I guess I was a little high the first time I came across IDER, so, for whatever reason, I thought they were sisters. They’re not—they met in college—but the chemistry Megan Markwick and Lily Somerville exude together in performances, and in the lithe harmonies dispersed among each thumping electro-pop track the duo drops shows off an almost genetic connection of mind and matter. IDER manages to be both emotionally resonant and danceable, a hard combo to find, and makes me want to make dark club music with my own sister. KIM SELLING
Armed with three Grammy nominations, Compton singer-rapper Roddy Ricch exploded onto the national stage after making a name for himself in South Los Angeles. A friend and collaborator of the late rapper and LA icon Nipsey Hussle, his voice appears in Hussle’s “Racks in the Middle,” which is nominated for both best rap song and rap performance. The third nod from the Grammys comes due to his contribution to prolific producer Mustard’s “Ballin’,” a track about stunting and the come-up. The 20-year-old rapper has a sound and vibe that suits trap beats as well as R&B riffs. You won’t want to miss this. JASMYNE KEIMIG
Nada Surf, Apex Manor
New York alt-rock band Nada Surf remind me of being in high school in the 1990s. There is something so era-specific about their sound to my ears, like Pavement and Breeders, that takes me right back to those intense, angsty years. Nada Surf had their come-up in that particular era, and while they never achieved the fame of peers like Weezer, they have remained relevant—releasing records and touring behind them without a break or hiatus since their formation more than three decades ago. (If you’ve heard anything by Nada Surf, it’s 1996 alt rock radio jam “Popular,” in which frontman Matthew Caws talk-rants through the verses and drones out the chorus, though his vocal can be more tuneful, too.) Ironic considering the title of their forthcoming LP, Never Not Together (out February 7 on Barsuk Records). They’ll be landing in Seattle with their power-pop-infused sounds and will be joined by LA rock quartet Apex Manor, who also have a vaguely ’90s-driving flavor. LEILANI POLK
Keola Beamer and Jeff Peterson with Moanalani Beamer
Legendary Hawaiian musician Keola Beamer came to prominence in the ’70s as a banner-waver for the modern age of island music traditions. They’ll play tracks from the last four decades of their illustrious career with assistance from Jeff Peterson and Moanalani Beamer.
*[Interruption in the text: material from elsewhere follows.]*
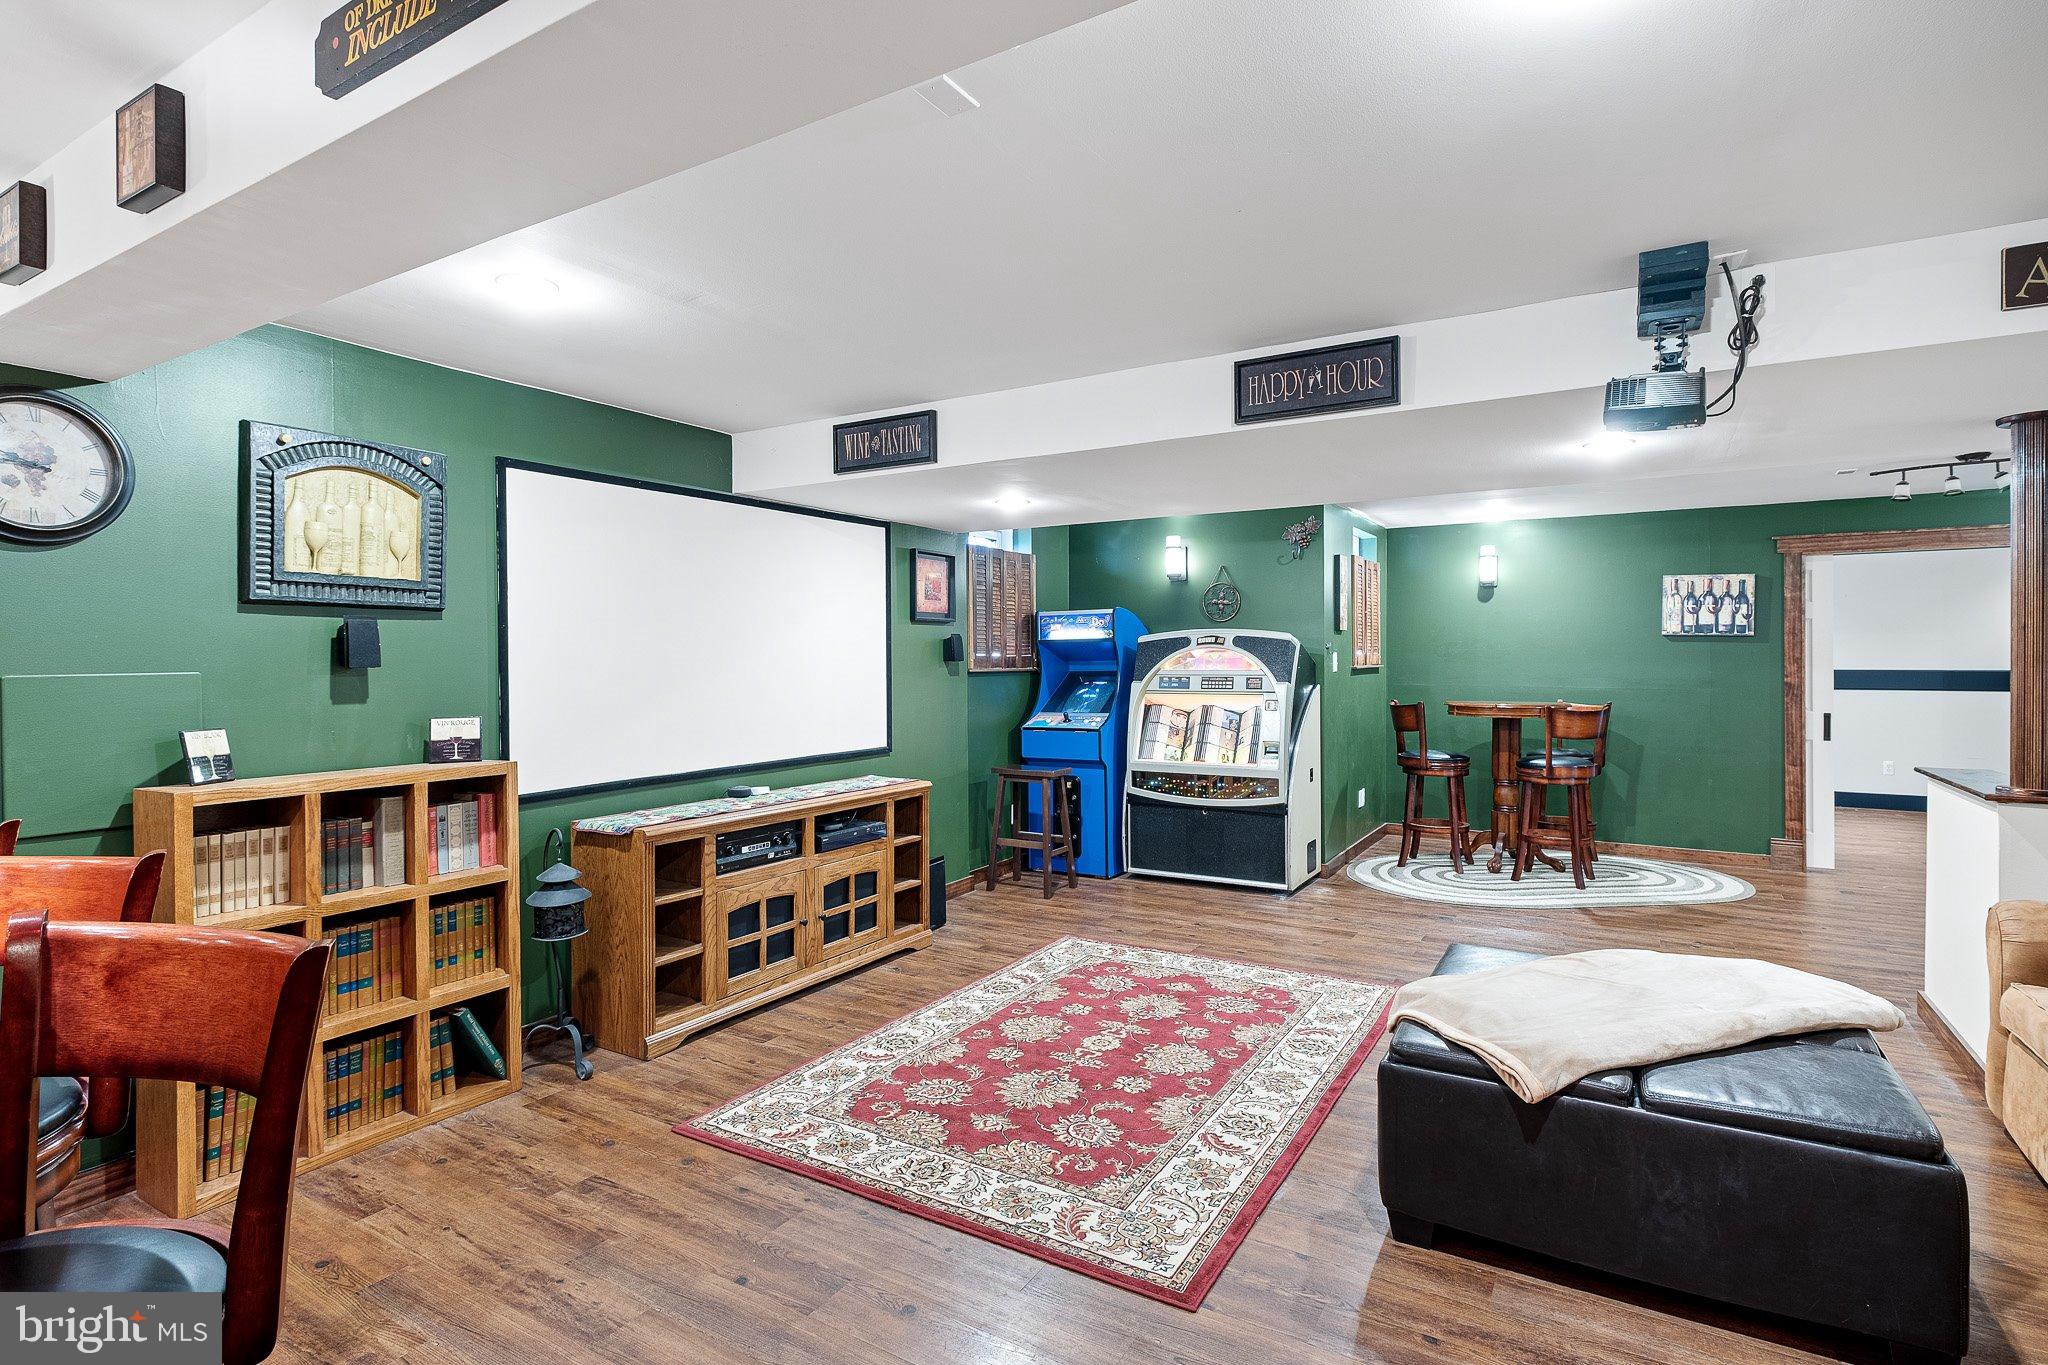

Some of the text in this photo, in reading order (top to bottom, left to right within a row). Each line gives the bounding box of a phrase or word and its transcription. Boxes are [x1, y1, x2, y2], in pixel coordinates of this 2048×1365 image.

An Evening with Chris Botti
Amidst career high points like playing alongside Sting and Paul Simon, Grammy Award winner and pop-jazz performer Chris Botti will head back to Seattle with his trumpet and backing band for ballads and jazz and Americana songbook standards.
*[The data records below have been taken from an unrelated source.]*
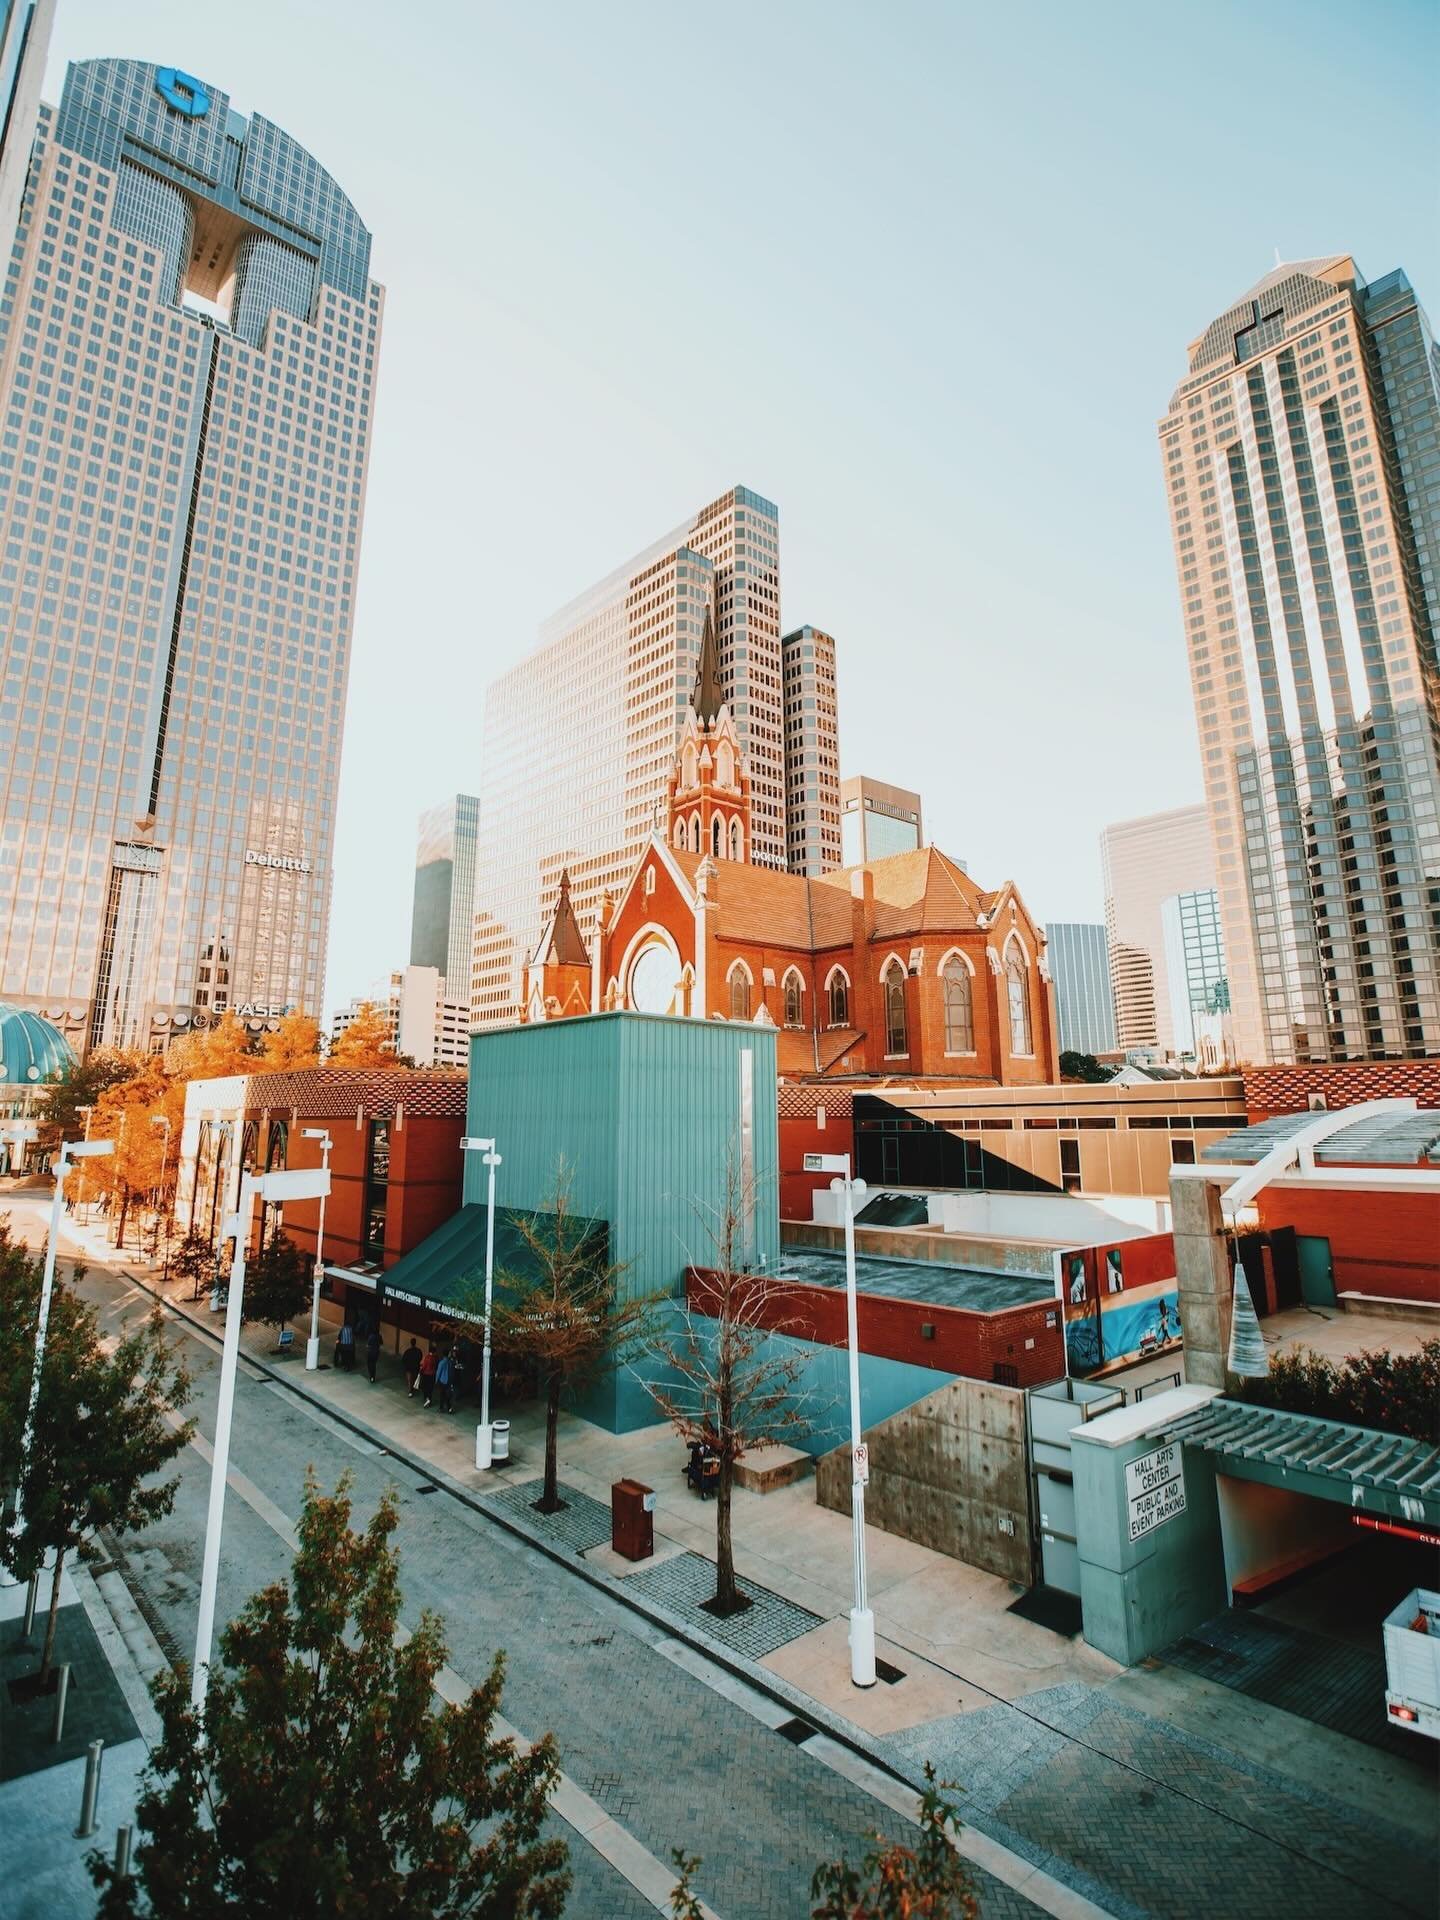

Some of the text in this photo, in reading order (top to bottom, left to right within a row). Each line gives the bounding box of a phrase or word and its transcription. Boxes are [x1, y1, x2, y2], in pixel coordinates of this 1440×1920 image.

[246, 849, 311, 872] Deloitte
[212, 1001, 281, 1018] CHASE
[425, 1299, 441, 1313] PUBLIC
[1134, 1447, 1174, 1478] HALL ARTS
[1142, 1465, 1170, 1489] CENTER
[1136, 1483, 1178, 1516] PUBLIC AND
[1131, 1494, 1185, 1535] EVENT PARKING
Grammy- and Emmy-winning violin virtuoso Itzhak Perlman, who has played a concert at the White House to honor Queen Elizabeth II and who received the Presidential Medal of Freedom, will perform an evening set.
Piano Starts Here: The Music of Ellington/Mingus/Byard
The Piano Starts Here series showcases the work of musical icons who contributed to the knowledge and appreciation of the instrument. This iteration will celebrate the works of Duke Ellington, Charles Mingus, and Jaki Byard.
Dismal Fest 4
Wallow in the mid-winter mire at Dismal Fest, a night of sludgy metal, dark electronica, and experimental noise music from Power Skeleton, Mechanical Plague, Herpes Hideaway, Pathogens, Scholl, and ACOMP with Plim Sickens.
Archie, Like Lions, P. Kruise
It thrills me to say that Archie, no longer known as PSA (Pop Star Archie) has—to use an industry phrase—blown the fuck up. This girl has been bobbing and weaving all over the Seattle music scene this year, dropping hauntingly beautiful tracks left and right. Her latest EP, 613, dropped in late November, and it contains some of my favorite songs to come out of 2019, most notably “Bad Bitch,” featuring Stranger favorite DoNormaal. It’s a community read, letting everyone out there know that Archie and Dodo have been on it for years and aren’t stopping anytime soon. You’d best listen. KIM SELLING
Miniature Tigers are charming as fuck, kinda witty, and sometimes very, very serious, even if it’s not reflected in their music—indie rock that has an ethereal quality while still being pretty catchy, upbeat, and fun. See the dreamy-sweet “Like or Like Like” (opening verse: I watched you through your window / I was wearing that dumb sweatshirt / I looked like a goon, I was dressed for winter / Even though it was the middle of June”). The melody-drenched Lennon/Harrison-evoking “Vampires in Daylight” feels breezy and trippy and light, but is the title track off a new album that apparently chronicles a difficult breakup and the depression singer/guitarist Charlie Brand suffered from afterward. The Brooklyn quartet land in town on their tour behind Vampires in Daylight. LEILANI POLK
WEDNESDAY & SATURDAY-SUNDAY
This Seattle Opera production brings together the genius of two great Russians: Alexander Pushkin, who wrote the novel in verse, and Pyotr Tchaikovsky (The Nutcracker), who penned the score. It’s a simple but moving and melancholy story of a young woman who falls in love with a cold-hearted nobleman, an encounter that tragically changes the course of their lives.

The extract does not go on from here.